- _About this exercise_
All lines from the one containing "Some of the words" down to the final line of the entries below: return them exactly.

....

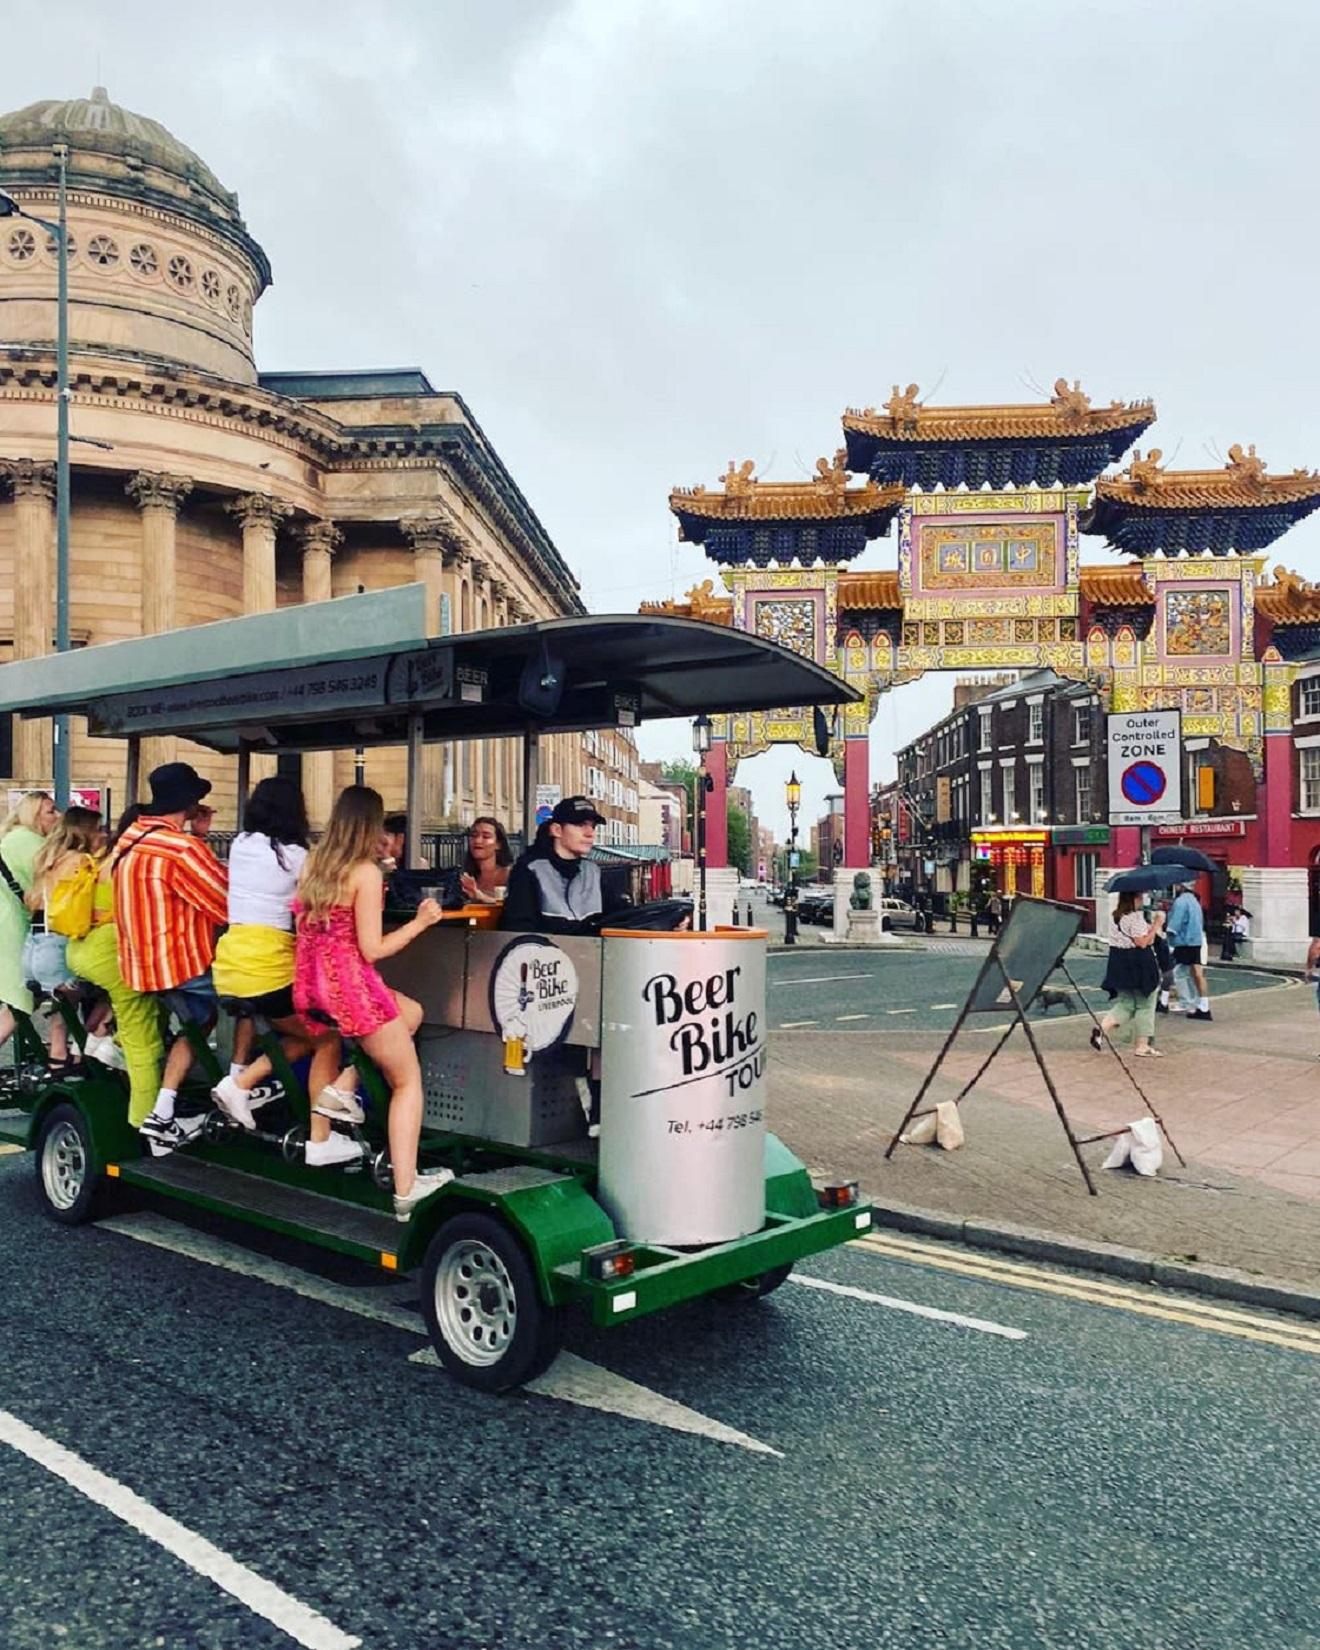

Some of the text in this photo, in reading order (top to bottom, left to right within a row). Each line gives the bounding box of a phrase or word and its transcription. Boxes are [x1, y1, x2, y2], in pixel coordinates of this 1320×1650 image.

[456, 666, 488, 685] BEER
[1126, 718, 1160, 729] Outer
[1112, 730, 1175, 742] Controlled
[1121, 744, 1166, 758] ZONE
[1190, 823, 1235, 834] RESTAURANT
[529, 959, 560, 979] Beer
[537, 979, 568, 999] Bike
[642, 966, 741, 1025] Beer
[670, 1012, 758, 1075] Bike
[667, 1120, 692, 1134] Tel.
[698, 1118, 724, 1131] +44
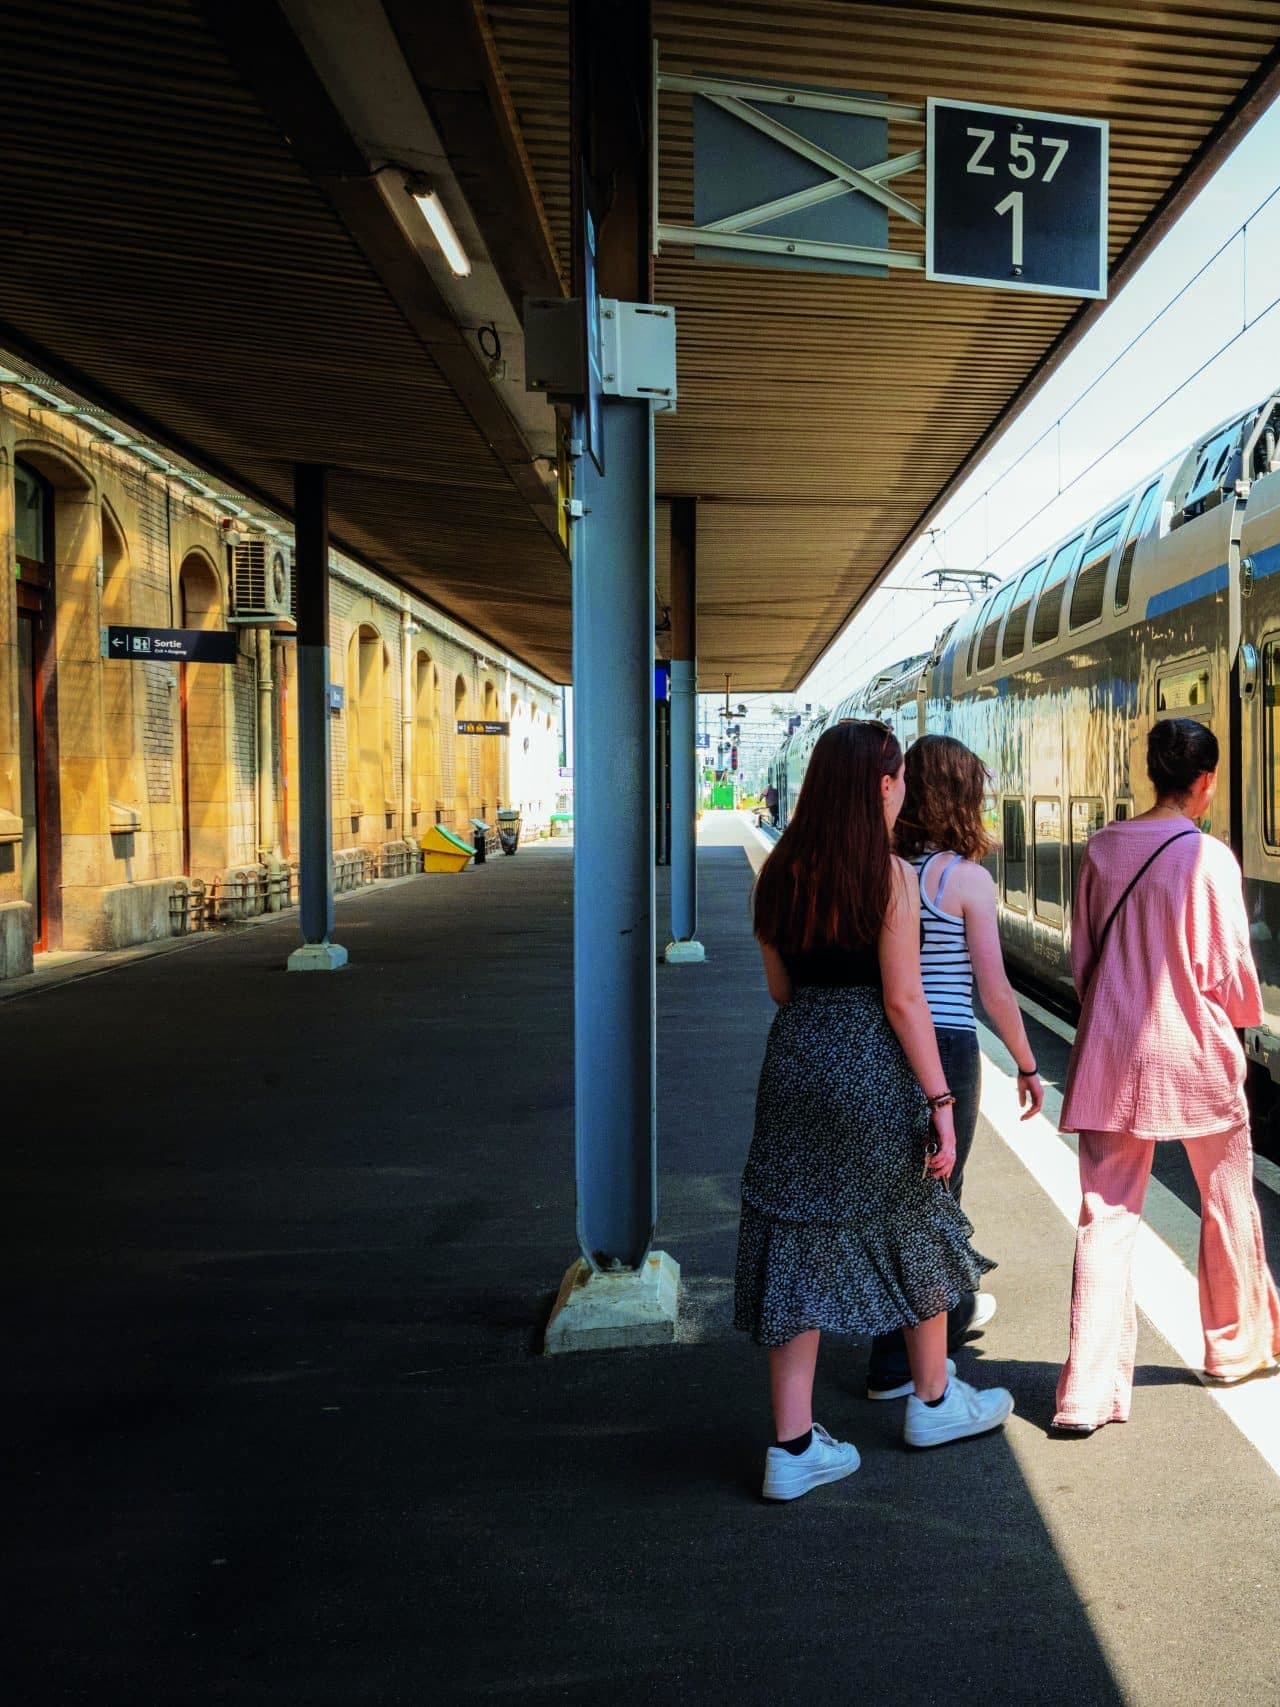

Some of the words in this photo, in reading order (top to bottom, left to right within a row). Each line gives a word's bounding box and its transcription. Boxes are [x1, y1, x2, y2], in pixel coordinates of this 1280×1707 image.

[966, 127, 995, 176] Z
[1008, 132, 1069, 183] 57
[994, 191, 1024, 266] 1
[154, 639, 182, 648] Sortie

....

- _Written solution_
Some of the words in this photo, in reading order (top to bottom, left to right within a row). Each line gives a word's bounding box and its transcription. Boxes are [x1, y1, x2, y2], in pixel coordinates of this 1280×1707 image.

[966, 127, 995, 176] Z
[1008, 132, 1069, 183] 57
[994, 191, 1024, 266] 1
[154, 639, 182, 648] Sortie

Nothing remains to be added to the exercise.